Exclude images, then output the remaining data verbatim.
↓↓↓
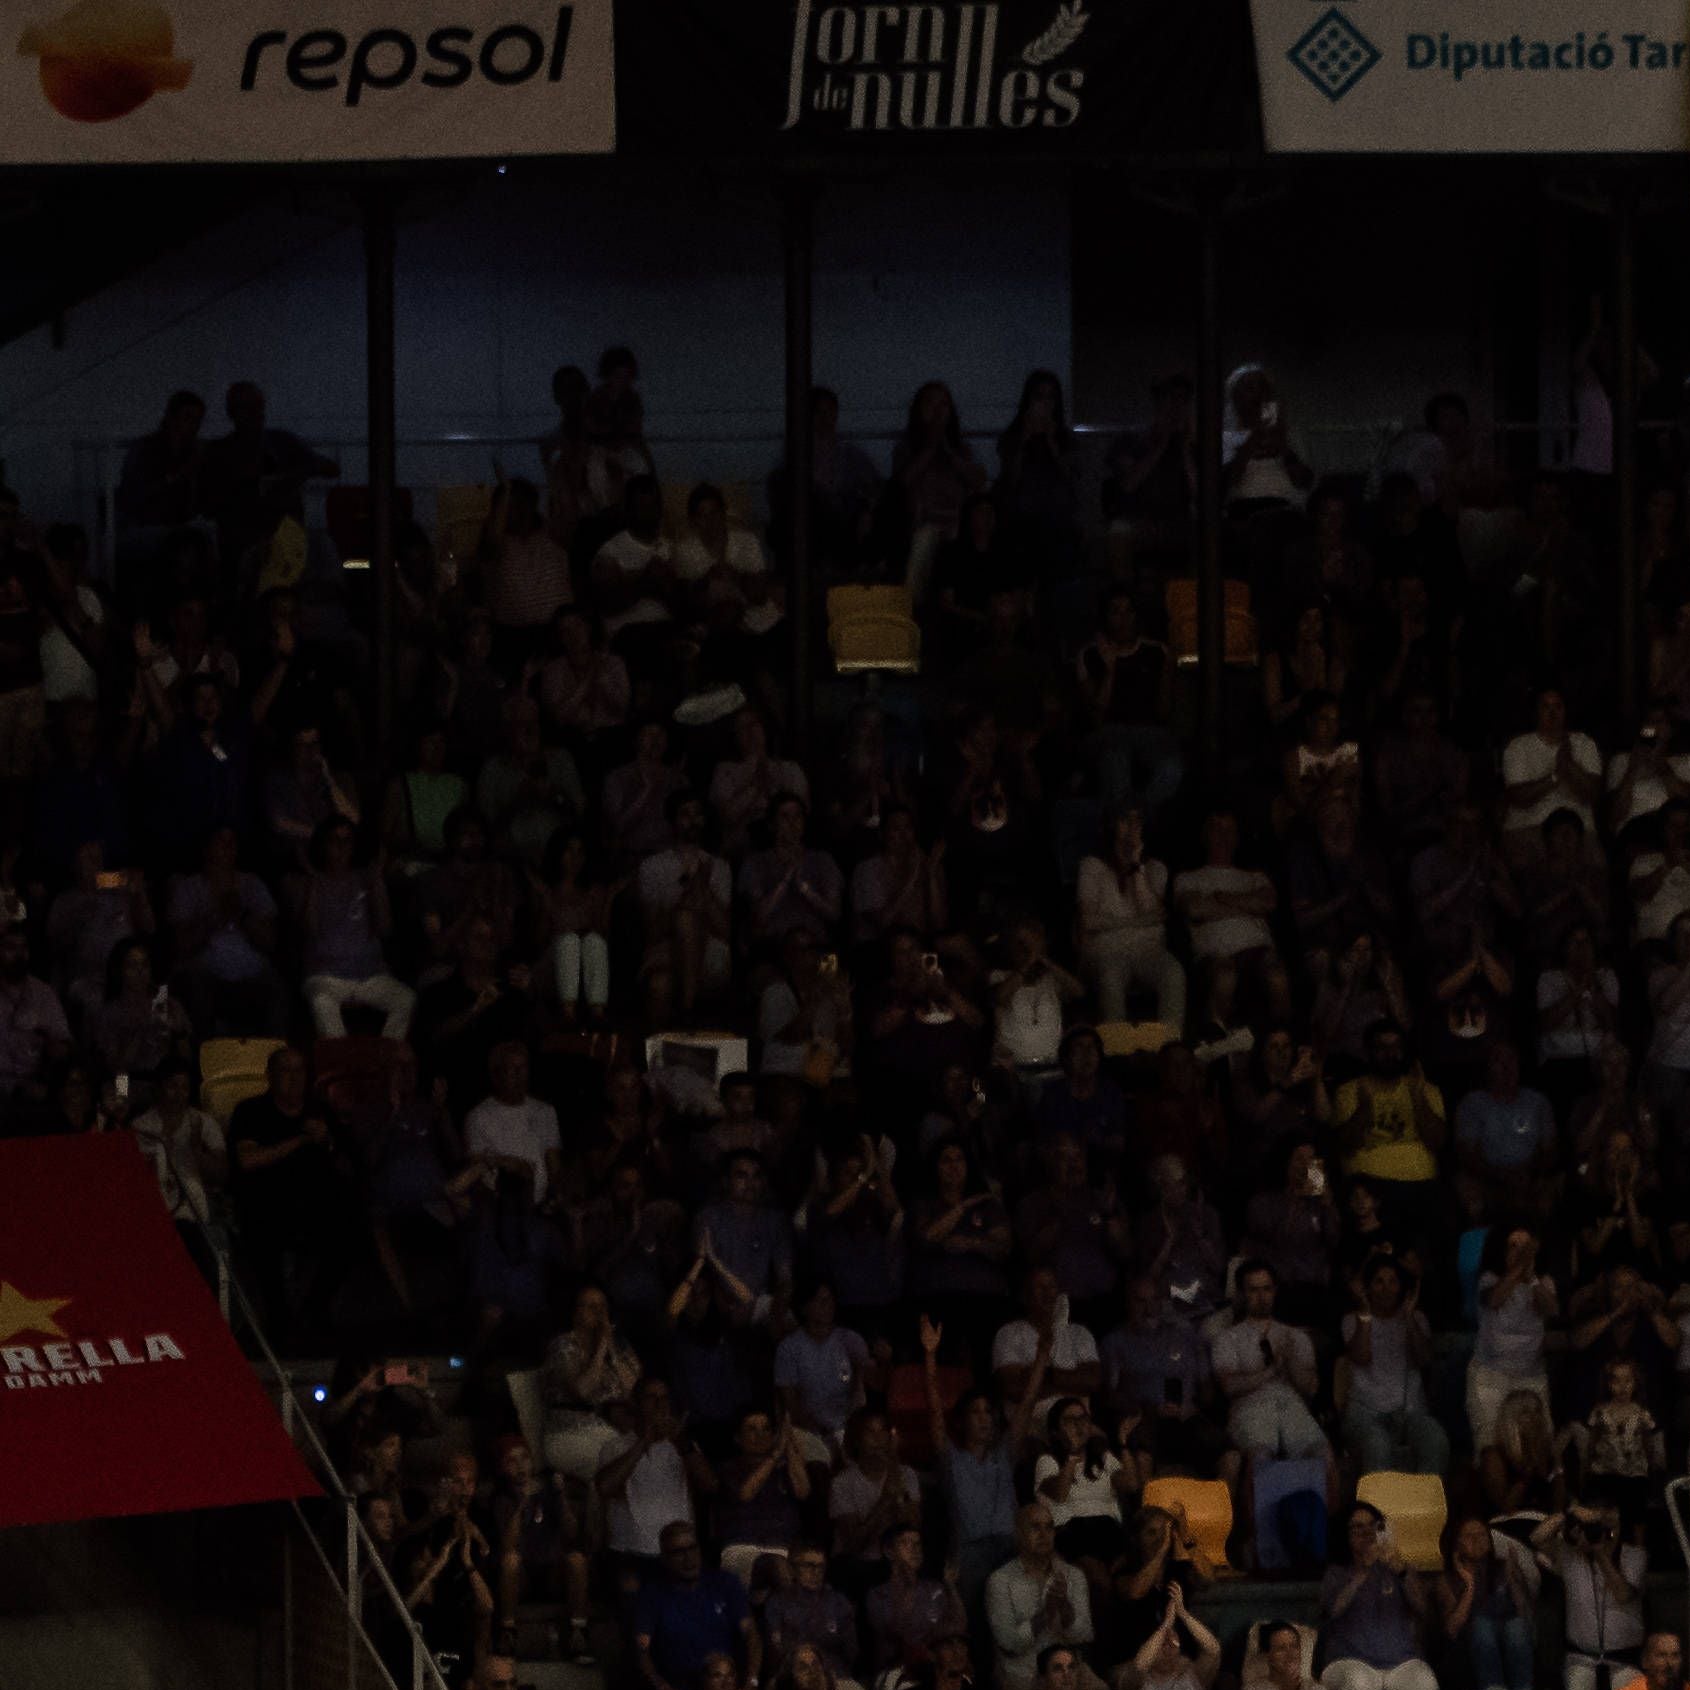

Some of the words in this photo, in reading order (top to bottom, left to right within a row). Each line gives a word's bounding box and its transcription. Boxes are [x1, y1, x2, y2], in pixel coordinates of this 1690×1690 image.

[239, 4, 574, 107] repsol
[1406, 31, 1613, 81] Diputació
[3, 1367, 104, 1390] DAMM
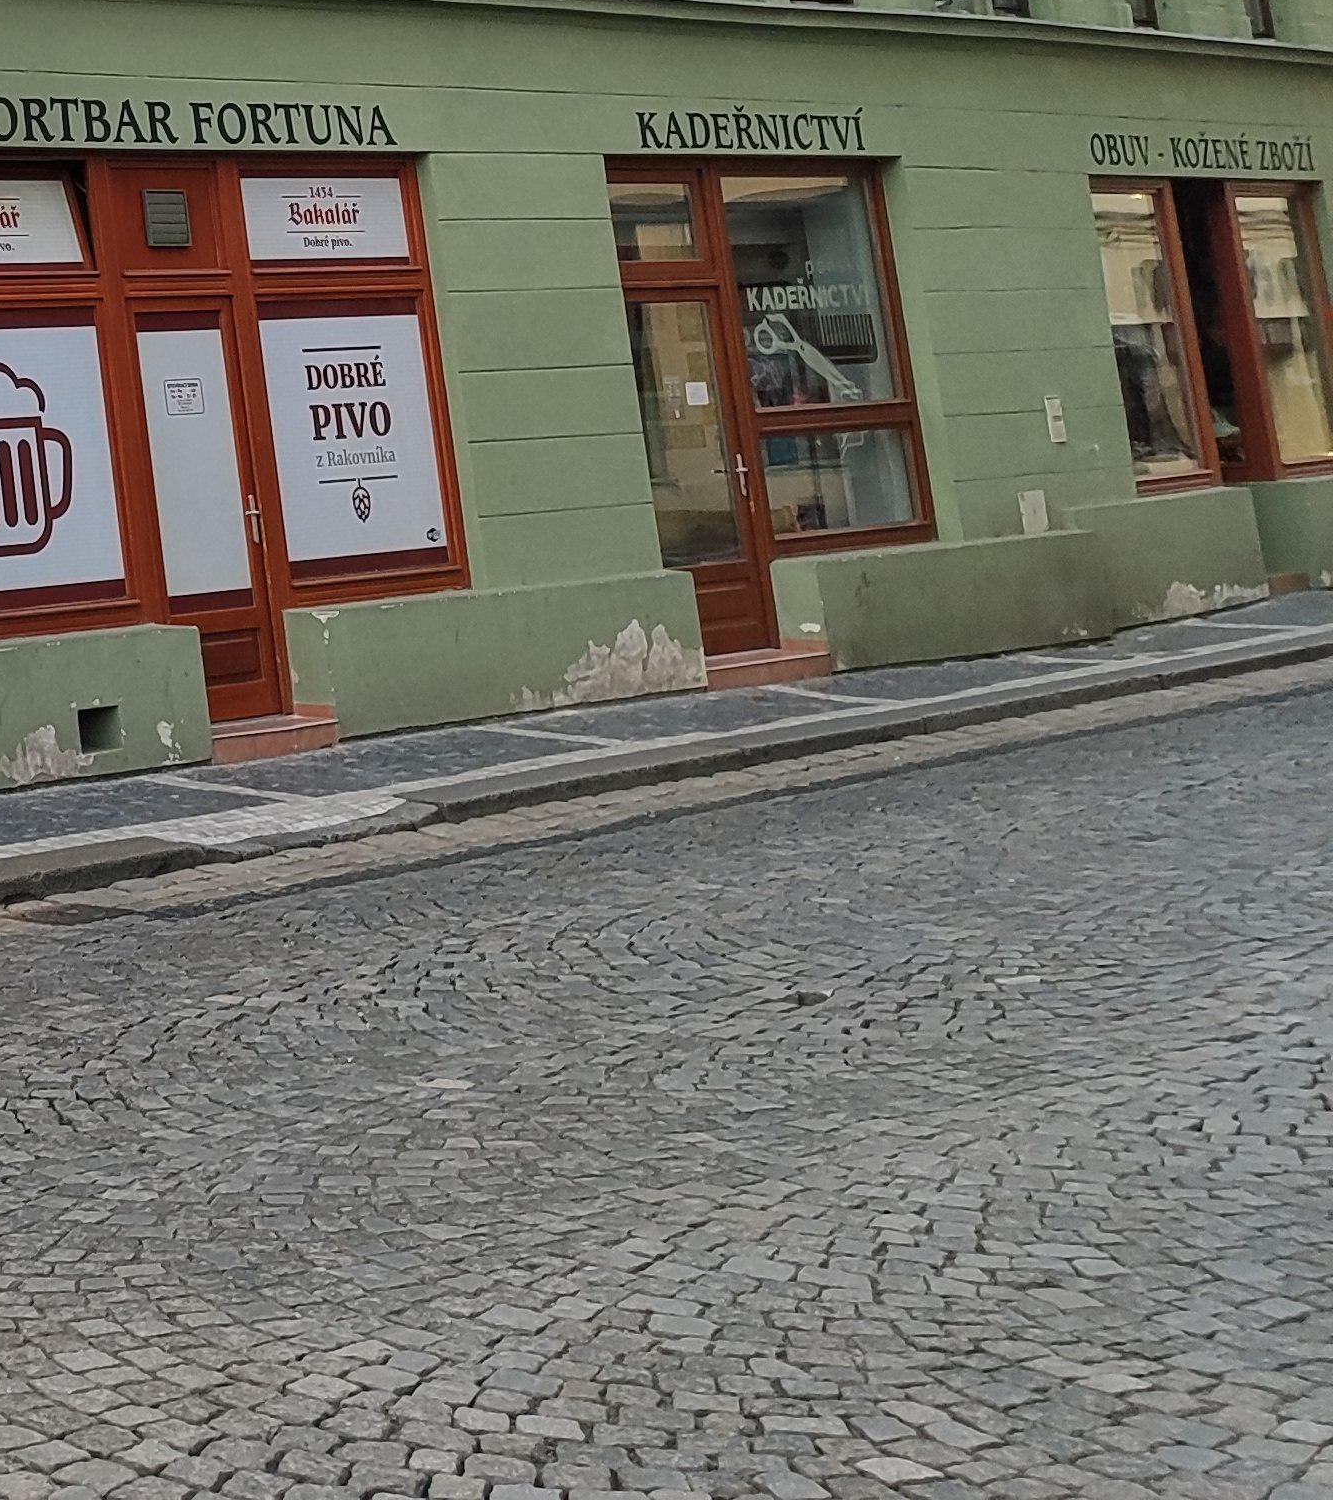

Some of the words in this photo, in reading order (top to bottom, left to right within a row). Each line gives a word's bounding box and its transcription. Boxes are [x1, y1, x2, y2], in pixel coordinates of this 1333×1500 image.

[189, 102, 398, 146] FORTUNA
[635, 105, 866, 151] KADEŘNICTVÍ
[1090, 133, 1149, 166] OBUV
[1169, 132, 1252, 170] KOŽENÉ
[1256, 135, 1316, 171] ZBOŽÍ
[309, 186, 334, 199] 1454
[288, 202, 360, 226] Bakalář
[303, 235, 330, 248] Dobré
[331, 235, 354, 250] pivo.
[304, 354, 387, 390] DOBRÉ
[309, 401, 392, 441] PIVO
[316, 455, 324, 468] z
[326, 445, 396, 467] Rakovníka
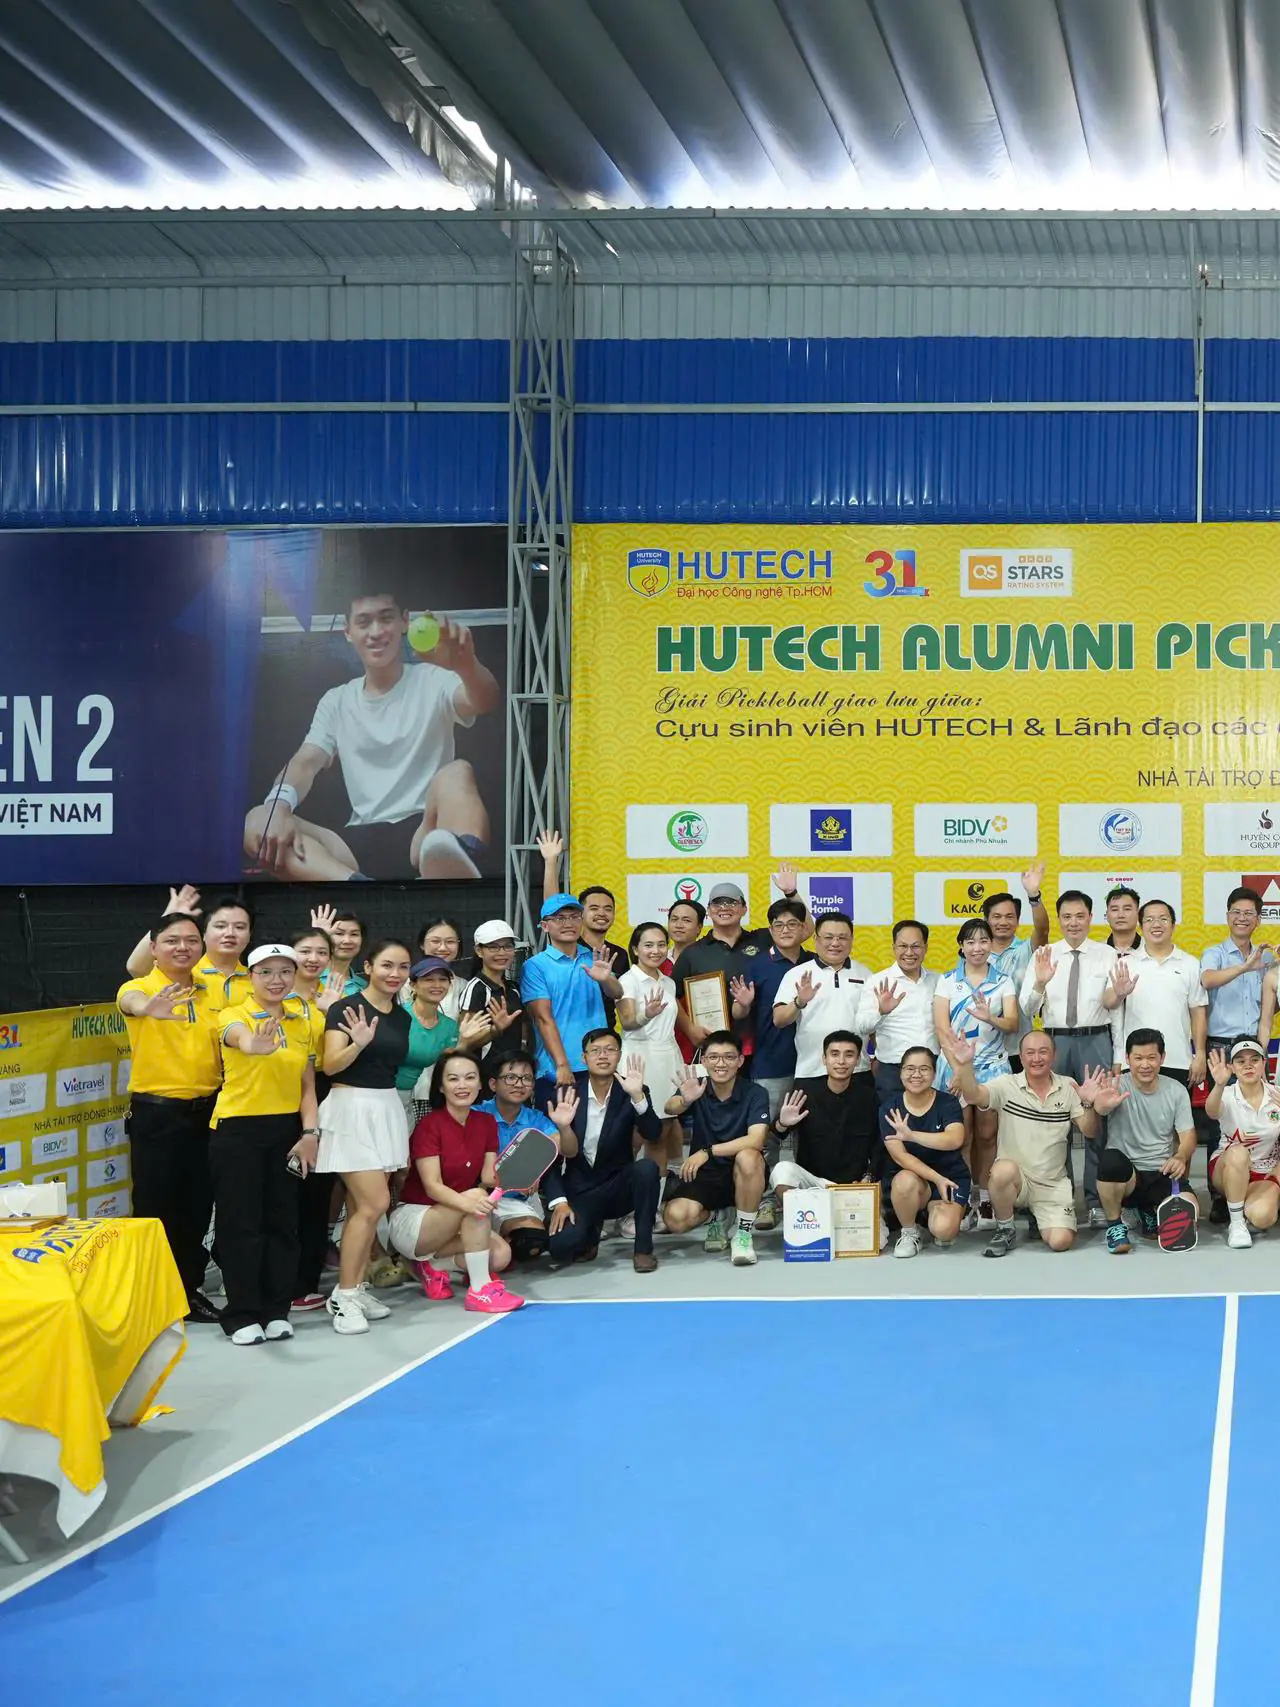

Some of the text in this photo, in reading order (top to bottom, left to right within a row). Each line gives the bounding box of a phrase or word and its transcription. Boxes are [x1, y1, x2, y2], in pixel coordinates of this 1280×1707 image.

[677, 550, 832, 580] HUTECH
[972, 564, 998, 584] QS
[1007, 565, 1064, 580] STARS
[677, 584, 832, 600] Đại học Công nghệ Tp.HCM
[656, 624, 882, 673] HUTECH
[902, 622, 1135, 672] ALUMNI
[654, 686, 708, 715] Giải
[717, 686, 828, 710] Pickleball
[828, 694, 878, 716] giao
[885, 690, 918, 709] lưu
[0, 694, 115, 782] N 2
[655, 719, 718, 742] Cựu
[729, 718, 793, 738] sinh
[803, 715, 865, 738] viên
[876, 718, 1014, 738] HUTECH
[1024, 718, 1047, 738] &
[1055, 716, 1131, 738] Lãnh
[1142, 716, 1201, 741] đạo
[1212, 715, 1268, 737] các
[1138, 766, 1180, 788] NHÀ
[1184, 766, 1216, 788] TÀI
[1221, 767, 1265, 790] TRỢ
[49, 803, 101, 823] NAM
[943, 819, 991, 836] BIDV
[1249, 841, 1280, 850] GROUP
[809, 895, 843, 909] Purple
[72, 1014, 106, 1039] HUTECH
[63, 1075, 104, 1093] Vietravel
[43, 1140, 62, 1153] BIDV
↑↑↑
• **ANSWER SPACE**:
Some of the words in this photo, in reading order (top to bottom, left to right within a row). Each line gives a word's bounding box and its transcription. Boxes are [x1, y1, x2, y2], in pixel coordinates of this 1690×1690 image.

[239, 4, 574, 107] repsol
[1406, 31, 1613, 81] Diputació
[3, 1367, 104, 1390] DAMM

Some of the words in this photo, in reading order (top to bottom, left to right within a row). Each line gives a word's bounding box and its transcription. Boxes are [x1, y1, x2, y2], in pixel coordinates of this 1333×1500 image.

[189, 102, 398, 146] FORTUNA
[635, 105, 866, 151] KADEŘNICTVÍ
[1090, 133, 1149, 166] OBUV
[1169, 132, 1252, 170] KOŽENÉ
[1256, 135, 1316, 171] ZBOŽÍ
[309, 186, 334, 199] 1454
[288, 202, 360, 226] Bakalář
[303, 235, 330, 248] Dobré
[331, 235, 354, 250] pivo.
[304, 354, 387, 390] DOBRÉ
[309, 401, 392, 441] PIVO
[316, 455, 324, 468] z
[326, 445, 396, 467] Rakovníka

Some of the text in this photo, in reading order (top to bottom, left to right within a row). Each line gives the bounding box of a phrase or word and its transcription. Boxes are [x1, y1, x2, y2], in pixel coordinates of this 1280×1707 image.

[677, 550, 832, 580] HUTECH
[972, 564, 998, 584] QS
[1007, 565, 1064, 580] STARS
[677, 584, 832, 600] Đại học Công nghệ Tp.HCM
[656, 624, 882, 673] HUTECH
[902, 622, 1135, 672] ALUMNI
[654, 686, 708, 715] Giải
[717, 686, 828, 710] Pickleball
[828, 694, 878, 716] giao
[885, 690, 918, 709] lưu
[0, 694, 115, 782] N 2
[655, 719, 718, 742] Cựu
[729, 718, 793, 738] sinh
[803, 715, 865, 738] viên
[876, 718, 1014, 738] HUTECH
[1024, 718, 1047, 738] &
[1055, 716, 1131, 738] Lãnh
[1142, 716, 1201, 741] đạo
[1212, 715, 1268, 737] các
[1138, 766, 1180, 788] NHÀ
[1184, 766, 1216, 788] TÀI
[1221, 767, 1265, 790] TRỢ
[49, 803, 101, 823] NAM
[943, 819, 991, 836] BIDV
[1249, 841, 1280, 850] GROUP
[809, 895, 843, 909] Purple
[72, 1014, 106, 1039] HUTECH
[63, 1075, 104, 1093] Vietravel
[43, 1140, 62, 1153] BIDV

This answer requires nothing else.